If you were a prudent investor or a sensible businessman, you would not let Mr. Market's daily communication determine your view of the value of your interest in the enterprise.

Benjamin Graham

  The greatest stock picker of all time is Warren Buffett.

While many of us know his name because he's long been the second richest man on our planet, few are as familiar with the name of his mentor - Benjamin Graham.

Graham was a towering genius who pretty much single handedly raised the once arcane study of stock prices to respectability by laying a solid foundation of valuation principles that hinged on facts and not emotions. 

 

 

 

 

 

 

 



Yet that's not to say Graham didn't recognise the existence of emotional overreactions on the part of most stock market punters. Graham was wise in many ways.
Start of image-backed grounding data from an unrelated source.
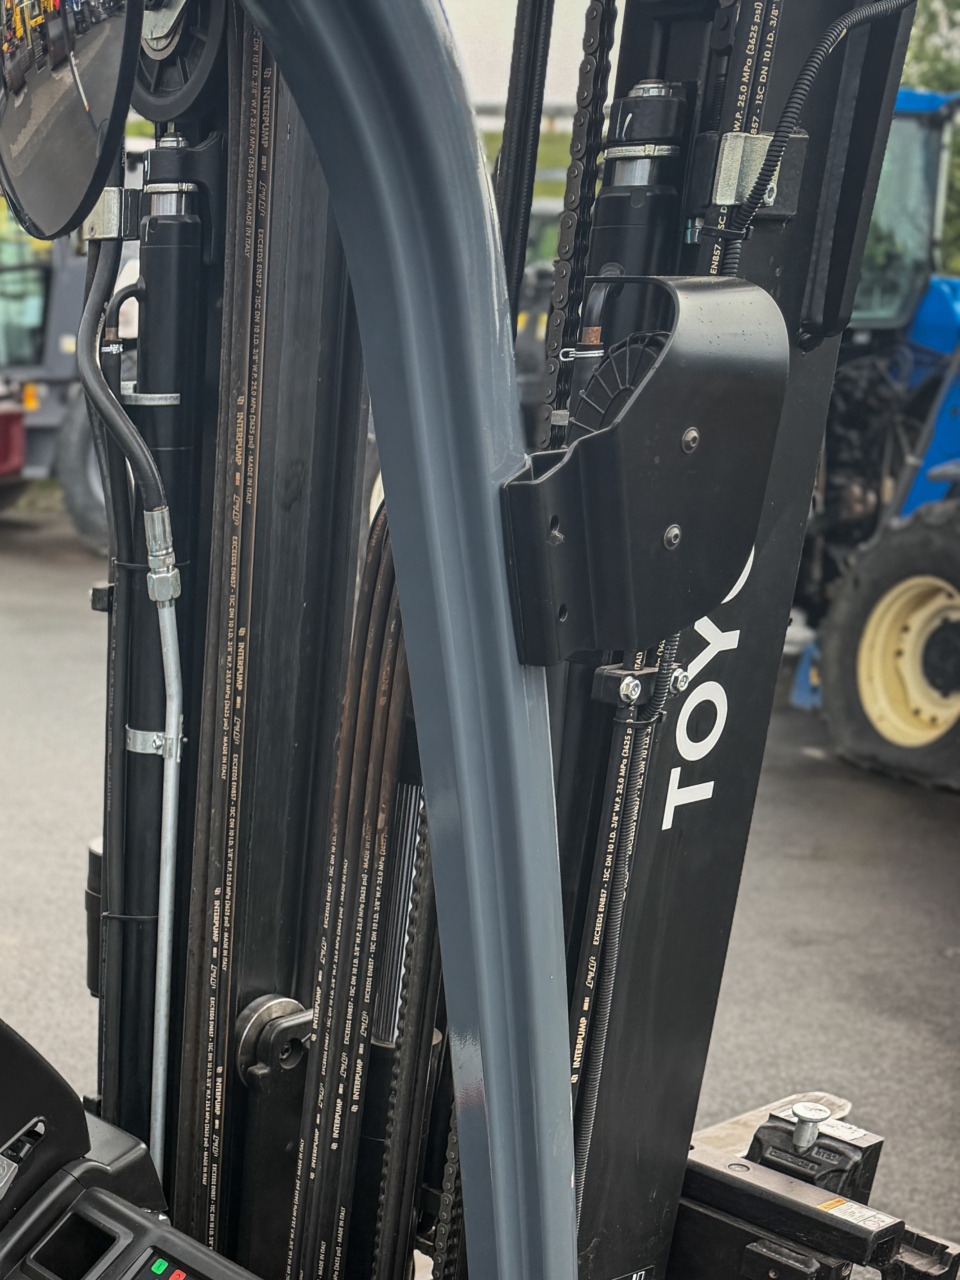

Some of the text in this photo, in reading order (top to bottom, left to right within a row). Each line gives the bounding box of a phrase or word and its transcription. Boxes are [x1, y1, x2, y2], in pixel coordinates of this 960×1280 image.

[751, 1, 764, 23] psi)
[252, 38, 260, 50] DN
[745, 25, 760, 55] (3625
[252, 54, 259, 63] 10
[762, 51, 771, 62] 10
[740, 58, 753, 82] MPa
[758, 66, 769, 84] DN
[261, 86, 271, 148] INTERPUMP
[731, 110, 743, 131] W.P.
[248, 136, 256, 154] MPa
[247, 156, 255, 178] (3625
[246, 179, 254, 194] psi)
[245, 202, 253, 226] MADE
[245, 227, 252, 236] IN
[244, 238, 252, 258] ITALY
[256, 229, 265, 262] EXCEEDS
[710, 244, 723, 275] EN857
[255, 264, 263, 287] EN857
[253, 310, 261, 323] DN
[253, 325, 260, 333] 10
[249, 397, 257, 413] MPa
[248, 415, 257, 434] (3625
[235, 412, 245, 465] INTERPUMP
[247, 436, 256, 449] psi)
[246, 456, 254, 476] MADE
[246, 478, 253, 486] IN
[245, 487, 253, 504] ITALY
[662, 545, 755, 830] TOY
[620, 735, 632, 757] (3625
[618, 759, 628, 777] MPa
[613, 795, 622, 812] W.P.
[606, 844, 615, 852] 10
[604, 854, 613, 866] DN
[597, 889, 607, 912] EN857
[593, 913, 604, 945] EXCEEDS
[572, 1017, 588, 1069] INTERPUMP
[352, 1058, 364, 1100] INTERPUMP
[214, 1077, 223, 1115] INTERPUMP
[331, 1098, 344, 1138] INTERPUMP
[310, 1128, 320, 1168] INTERPUMP
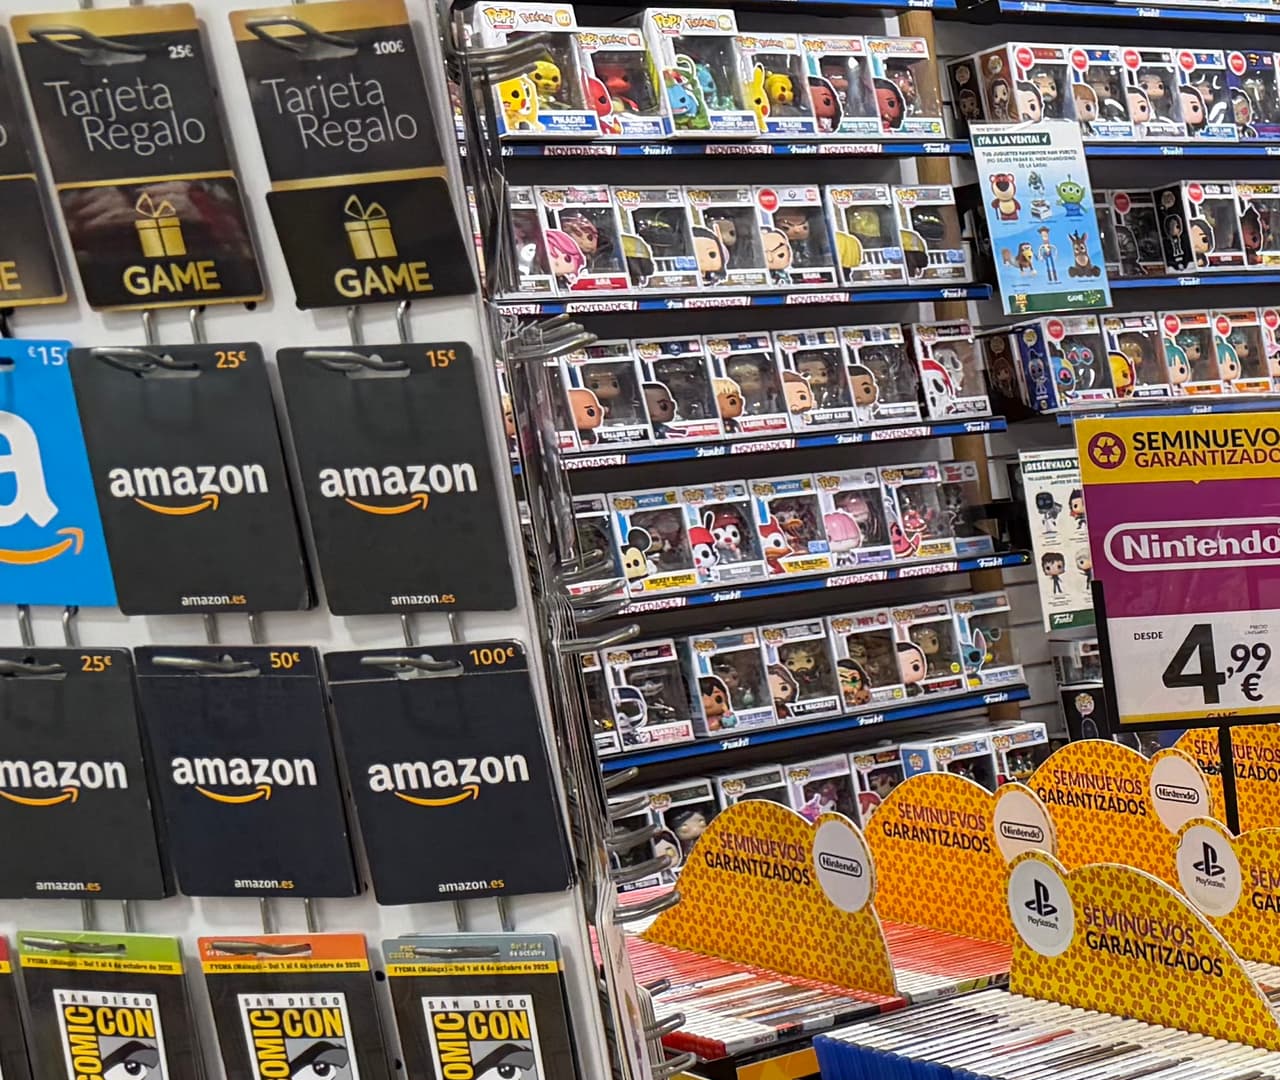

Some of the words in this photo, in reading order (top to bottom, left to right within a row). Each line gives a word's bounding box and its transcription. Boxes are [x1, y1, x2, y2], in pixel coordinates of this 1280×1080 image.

Nonetheless, it seems unlikely when his seminal book Security Analysis was published in 1934, while America was still in the grip of the Great Depression, that Graham fully understood the far-reaching impact his masterpiece would have upon generations of fundamental investors. Another outstanding book Graham wrote later in his life was The Intelligent Investor.

Despite those important works, he may well be most famous for a metaphorical figure he conjured up for use in his classes on investment science at New York City's Columbia University. That teaching device was christened Mr. Market by Graham.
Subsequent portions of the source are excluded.